Marina te chama pra ser curado e escancara seu amor próprio ao dizer que é a própria cura. Você se sente uma serpente sendo encantada por ela!
CARNAVAL – 10/10
Como disse, o registro grave de Marina Sena é um dos seus pontos altos de sua carreira. Em CARNAVAL, a cantora explora sua voz nesse tom de forma única e traz à tona um funk quase falado de forma sensual e cativante.
Impossível ficar parado! Com uma produção de certa forma simplista, CARNAVAL se destaca por trazer outro viés de percussão e te preparar para dançar muito!
Ouro de Tolo – 10/10
Chegamos no ápice do álbum, e infelizmente, na finalização.
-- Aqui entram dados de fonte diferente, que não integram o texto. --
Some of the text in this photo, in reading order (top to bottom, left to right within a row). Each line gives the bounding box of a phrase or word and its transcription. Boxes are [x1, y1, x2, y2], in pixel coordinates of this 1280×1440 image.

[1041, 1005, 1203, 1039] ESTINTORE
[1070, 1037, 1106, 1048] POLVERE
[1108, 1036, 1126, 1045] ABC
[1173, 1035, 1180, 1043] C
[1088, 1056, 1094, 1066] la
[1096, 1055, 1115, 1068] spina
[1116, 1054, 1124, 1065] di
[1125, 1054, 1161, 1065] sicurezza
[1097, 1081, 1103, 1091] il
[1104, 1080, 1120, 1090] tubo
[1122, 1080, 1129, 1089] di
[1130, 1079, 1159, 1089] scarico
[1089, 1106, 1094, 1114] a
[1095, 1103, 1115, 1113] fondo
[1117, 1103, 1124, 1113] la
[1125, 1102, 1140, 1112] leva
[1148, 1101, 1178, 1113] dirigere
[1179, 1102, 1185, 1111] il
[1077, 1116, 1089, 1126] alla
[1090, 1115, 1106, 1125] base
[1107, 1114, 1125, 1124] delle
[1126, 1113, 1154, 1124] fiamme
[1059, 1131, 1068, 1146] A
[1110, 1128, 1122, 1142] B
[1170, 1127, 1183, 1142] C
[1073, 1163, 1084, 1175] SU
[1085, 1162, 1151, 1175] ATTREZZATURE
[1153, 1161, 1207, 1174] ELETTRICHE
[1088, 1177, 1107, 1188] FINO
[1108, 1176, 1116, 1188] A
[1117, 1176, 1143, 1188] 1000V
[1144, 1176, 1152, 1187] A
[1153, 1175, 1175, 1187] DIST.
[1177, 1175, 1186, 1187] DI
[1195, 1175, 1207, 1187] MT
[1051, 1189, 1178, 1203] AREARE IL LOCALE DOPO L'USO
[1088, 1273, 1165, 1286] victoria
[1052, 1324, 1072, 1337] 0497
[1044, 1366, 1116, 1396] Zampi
O que aparece, de início, pode parecer estranho ou diferente até demais, devido à sua estrutura não convencional. Ouro de Tolo é uma carta aberta ao amor próprio e à valorização de si mesmo. Marina se faz tão grande nessa música que deixa o ouvinte pequeno e regido pela presença dela! Ela é um astro, um sol!
A música fala sobre alguém que, após um relacionamento, entende que o principal amor vem dela mesma e que ela é suficiente. Uma ópera com samba que se desdobra em batidas sintetizadas e um poema avassalador, onde você se questiona se é merecedor de estar no mesmo plano astral que a artista. Ouro de Tolo é o ápice artístico de Marina, e assim como Santo e Pra Ficar Comigo, finaliza muito bem o álbum!
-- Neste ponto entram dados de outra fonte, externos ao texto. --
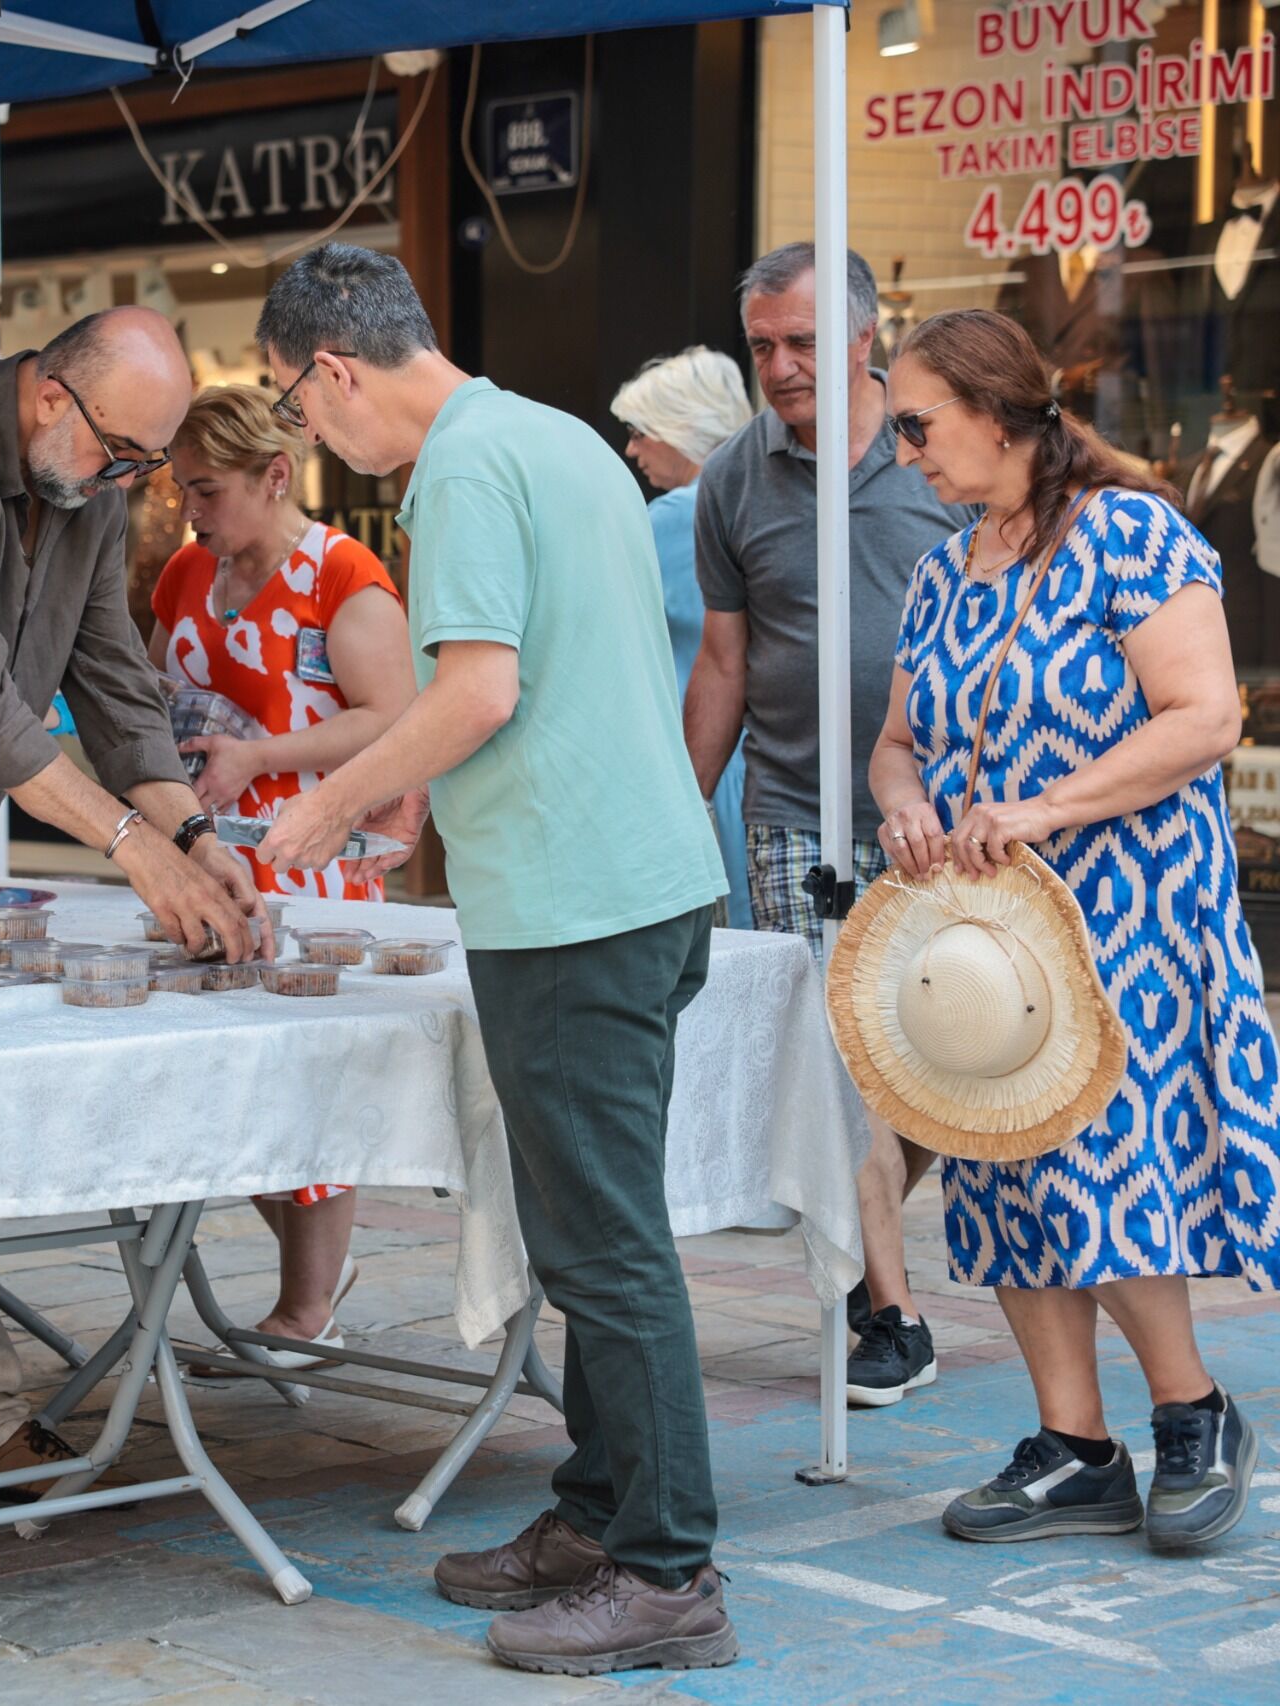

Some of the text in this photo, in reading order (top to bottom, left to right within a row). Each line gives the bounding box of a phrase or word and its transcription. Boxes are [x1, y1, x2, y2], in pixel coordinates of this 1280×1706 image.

[865, 34, 1273, 138] SEZON İNDİRİMİ
[160, 129, 395, 224] KATRE
[939, 112, 1200, 175] TAKIM ELBİSE
Álbum Coisas Naturais, de Marina Sena – 9.19
Marina Sena é conceitual e estética acima de tudo: uma praia, pés descalços, percussão, flautas… Neste álbum, apesar de pequenas incoerências que poderiam ocasionar um álbum vanguardista em homenagem a artistas brasileiros dos anos 90, Coisas Naturais se sustenta com muita paixão, dança, uma capa sensacional e, acima de tudo, amor-próprio!
O álbum fecha minha avaliação com 9,19, o que deixa claro que Marina Sena chegou para ficar. E, apesar de, em minha opinião, não ser o melhor trabalho da cantora, está longe de ser algo ruim!